Only the images are to be dropped; the records themselves must be repeated exactly.
RECORDS SHOWN section start
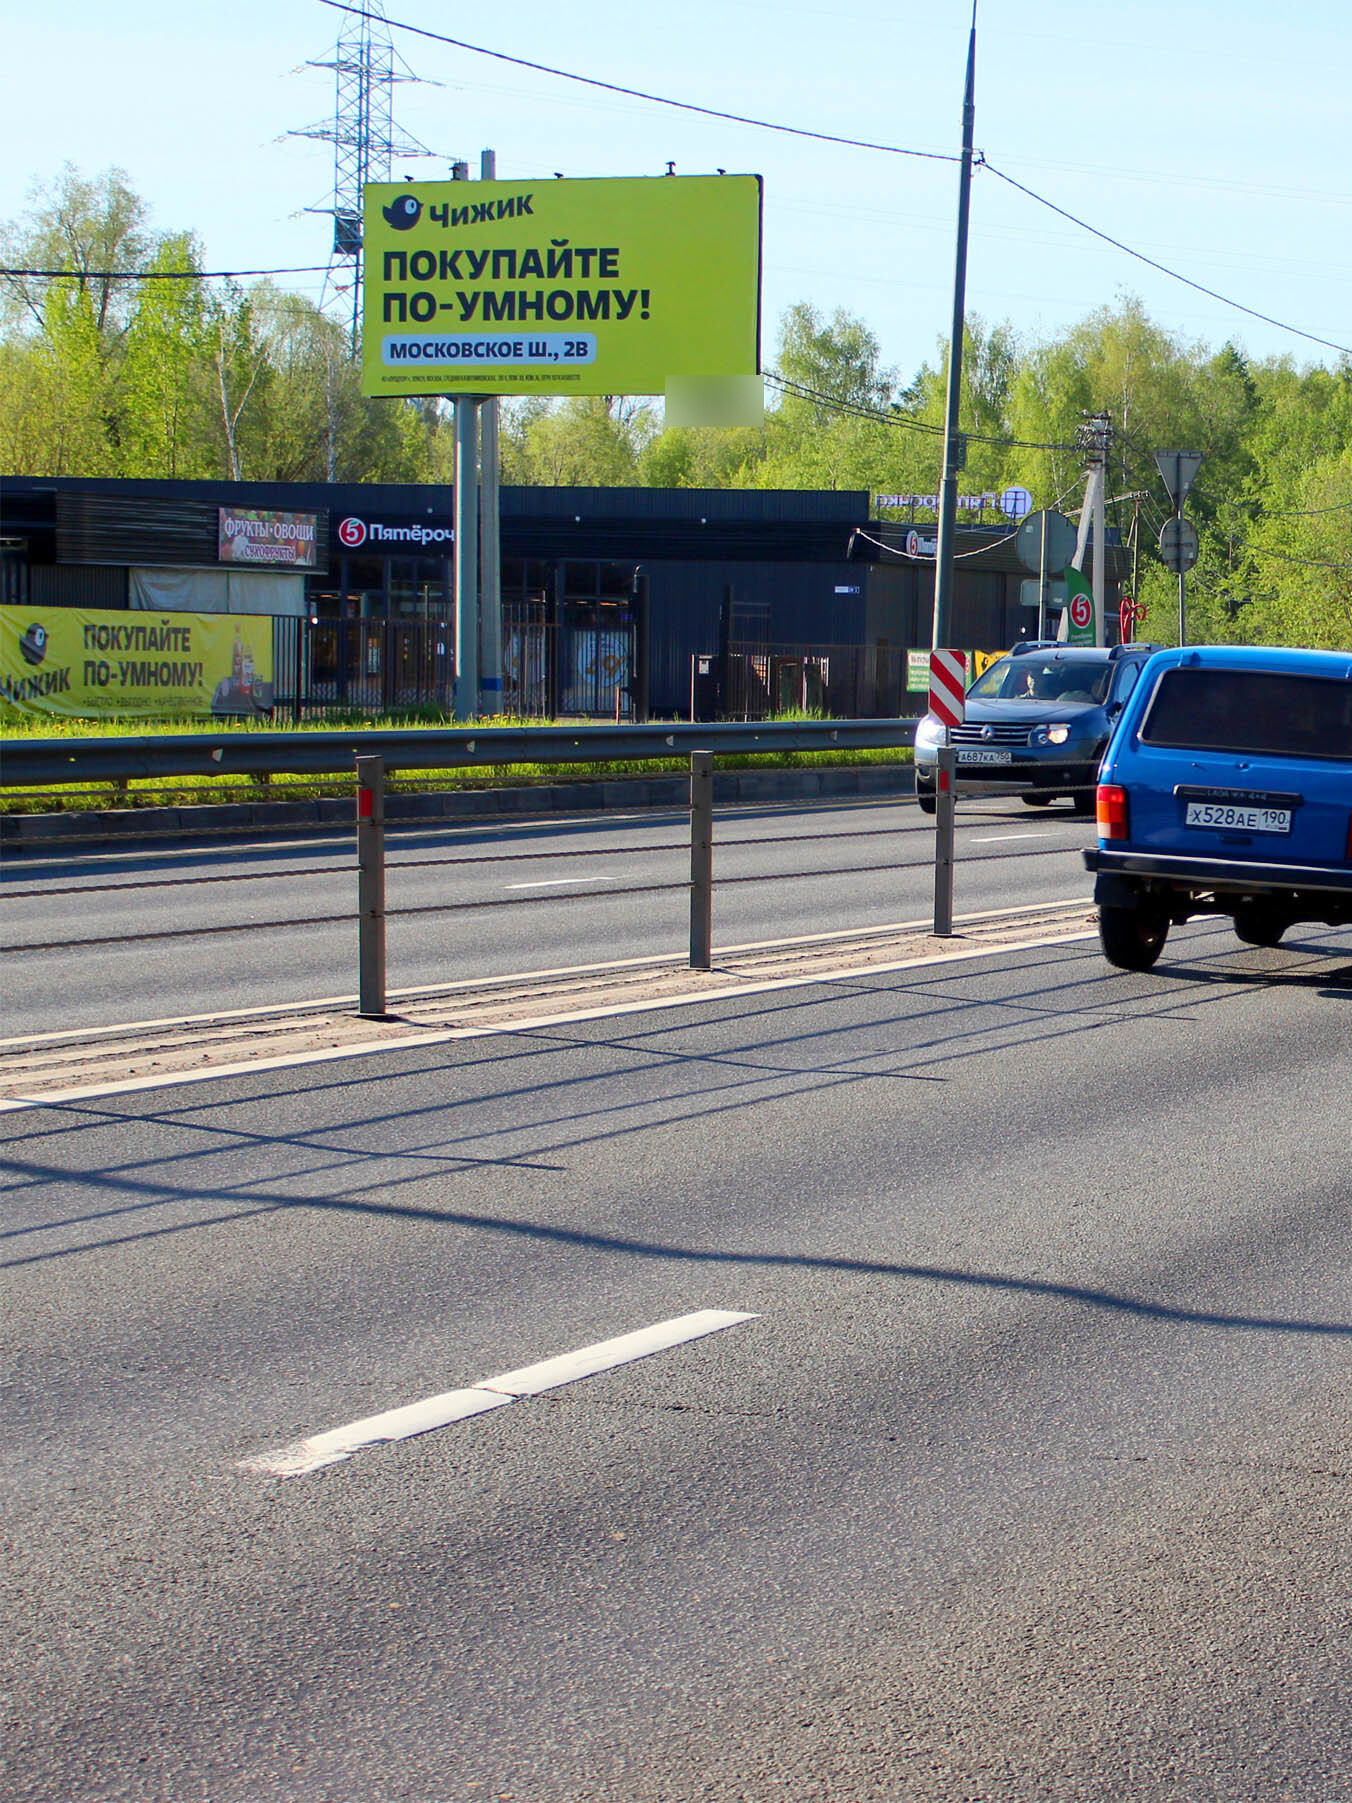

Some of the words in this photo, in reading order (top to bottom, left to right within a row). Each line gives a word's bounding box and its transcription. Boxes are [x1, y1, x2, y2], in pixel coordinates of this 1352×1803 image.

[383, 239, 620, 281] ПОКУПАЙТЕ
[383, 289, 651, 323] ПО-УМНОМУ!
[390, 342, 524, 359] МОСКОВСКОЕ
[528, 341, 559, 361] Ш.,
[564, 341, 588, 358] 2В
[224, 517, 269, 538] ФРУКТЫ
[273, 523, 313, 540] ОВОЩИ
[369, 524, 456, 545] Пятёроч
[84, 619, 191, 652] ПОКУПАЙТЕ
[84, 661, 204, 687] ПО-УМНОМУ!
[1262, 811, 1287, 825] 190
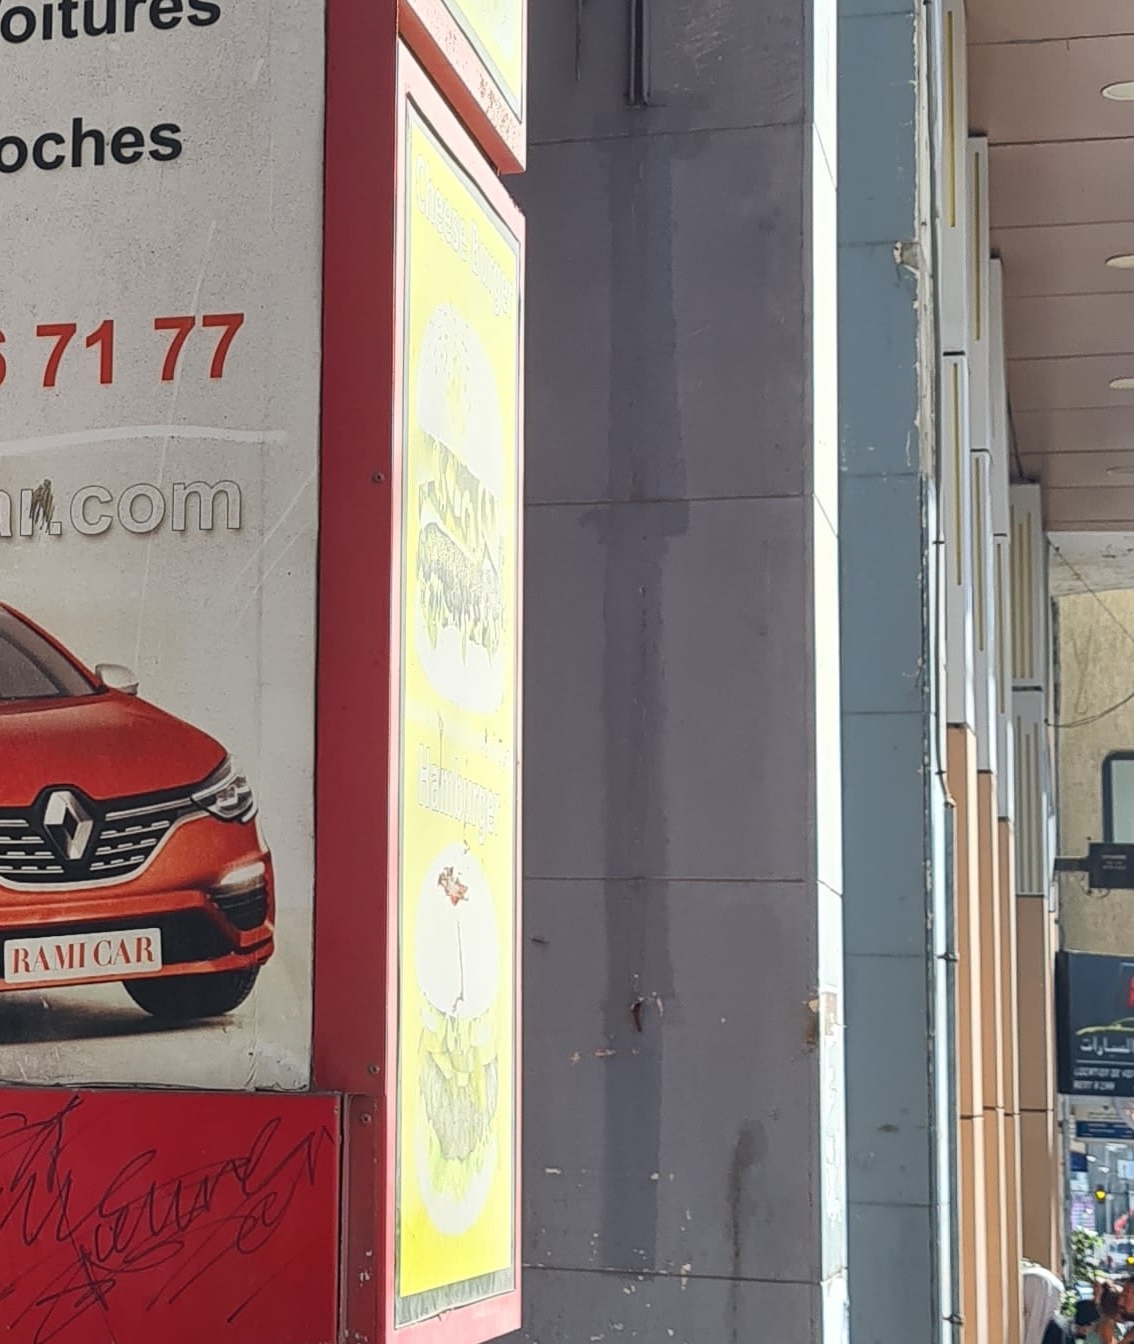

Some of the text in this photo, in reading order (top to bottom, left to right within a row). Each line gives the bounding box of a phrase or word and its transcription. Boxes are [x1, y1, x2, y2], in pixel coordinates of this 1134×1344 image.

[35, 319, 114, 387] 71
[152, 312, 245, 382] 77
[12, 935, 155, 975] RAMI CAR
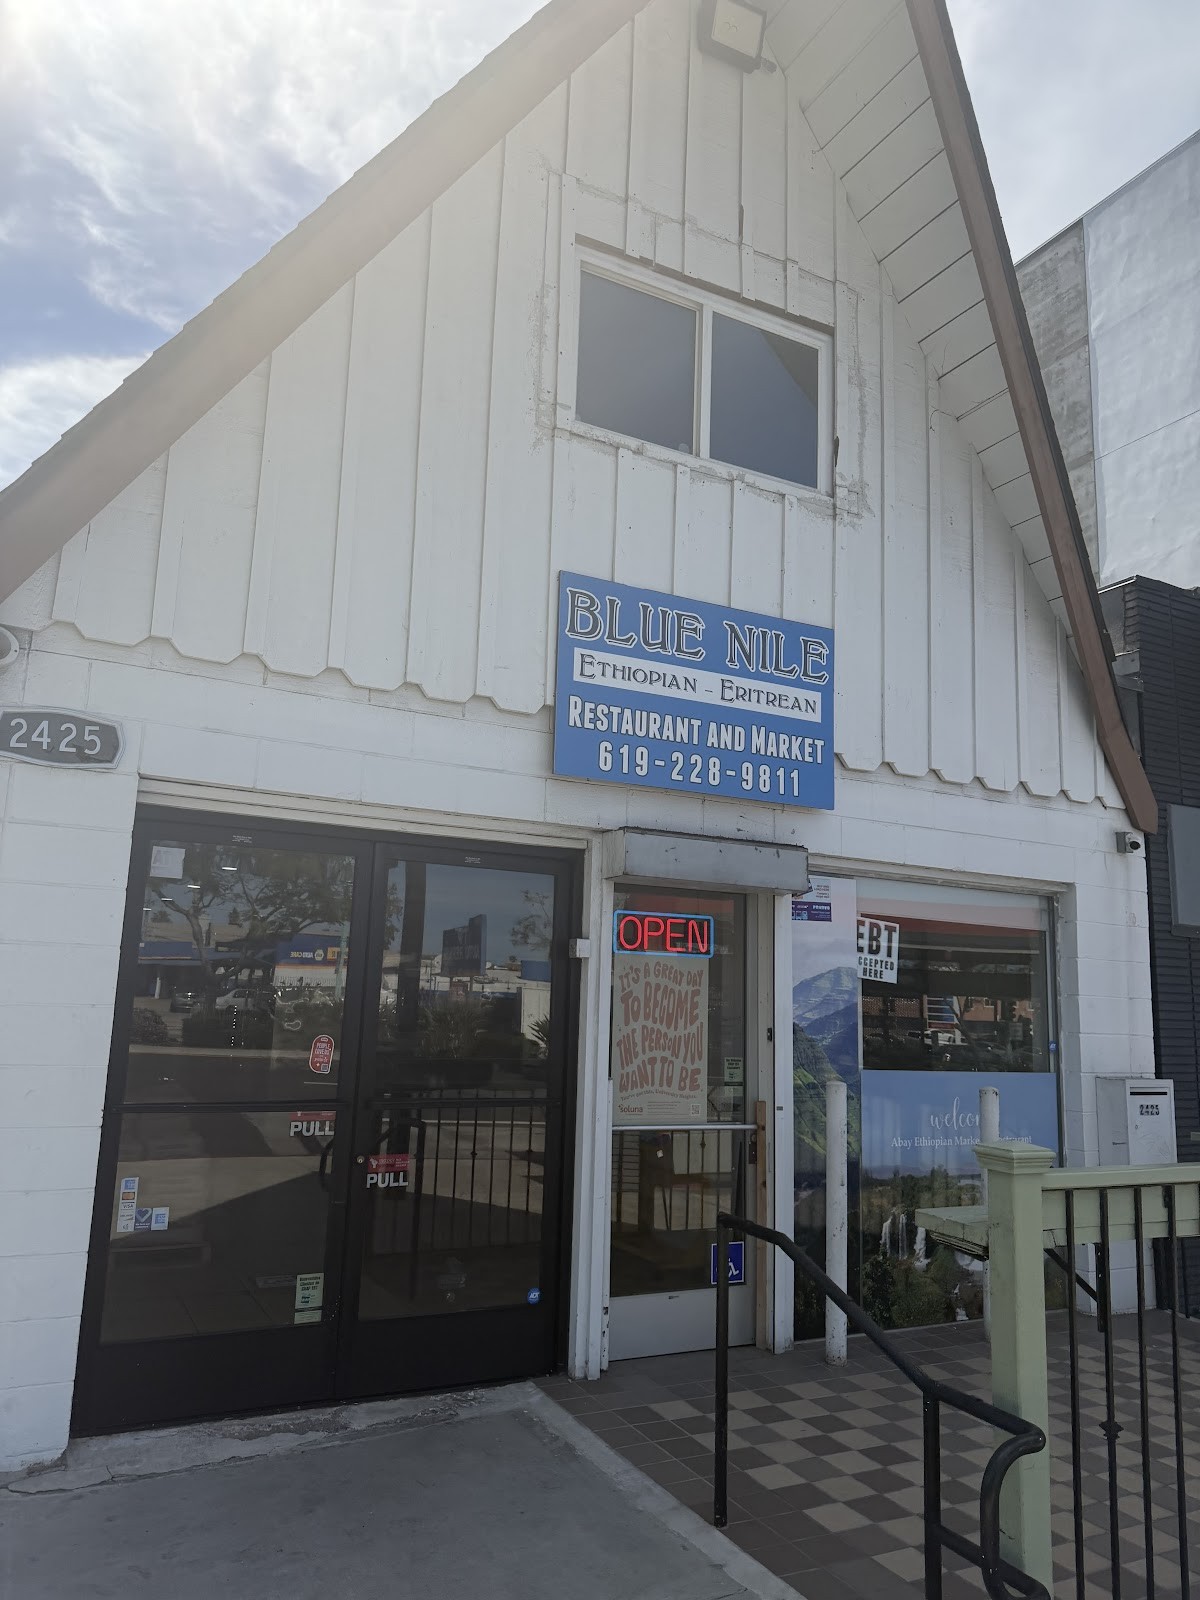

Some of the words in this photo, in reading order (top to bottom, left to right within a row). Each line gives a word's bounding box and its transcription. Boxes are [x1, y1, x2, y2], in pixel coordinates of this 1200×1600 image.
RECORDS SHOWN section end
TASK RESPONSE:
Some of the words in this photo, in reading order (top to bottom, left to right within a row). Each line gives a word's bounding box and its transcription. Boxes are [x1, y1, x2, y2], in pixel coordinates of this 1352×1803 image.

[383, 239, 620, 281] ПОКУПАЙТЕ
[383, 289, 651, 323] ПО-УМНОМУ!
[390, 342, 524, 359] МОСКОВСКОЕ
[528, 341, 559, 361] Ш.,
[564, 341, 588, 358] 2В
[224, 517, 269, 538] ФРУКТЫ
[273, 523, 313, 540] ОВОЩИ
[369, 524, 456, 545] Пятёроч
[84, 619, 191, 652] ПОКУПАЙТЕ
[84, 661, 204, 687] ПО-УМНОМУ!
[1262, 811, 1287, 825] 190

Some of the text in this photo, in reading order (top to bottom, left to right within a row). Each line gives the bounding box of a phrase or word and its transcription. Boxes are [x1, y1, x2, y2], in pixel coordinates of this 1134×1344 image.

[35, 319, 114, 387] 71
[152, 312, 245, 382] 77
[12, 935, 155, 975] RAMI CAR

Some of the words in this photo, in reading order (top to bottom, left to right within a row). Each line gives a word's bounding box and its transcription. Boxes are [x1, y1, x2, y2], in pixel coordinates of this 1200×1600 image.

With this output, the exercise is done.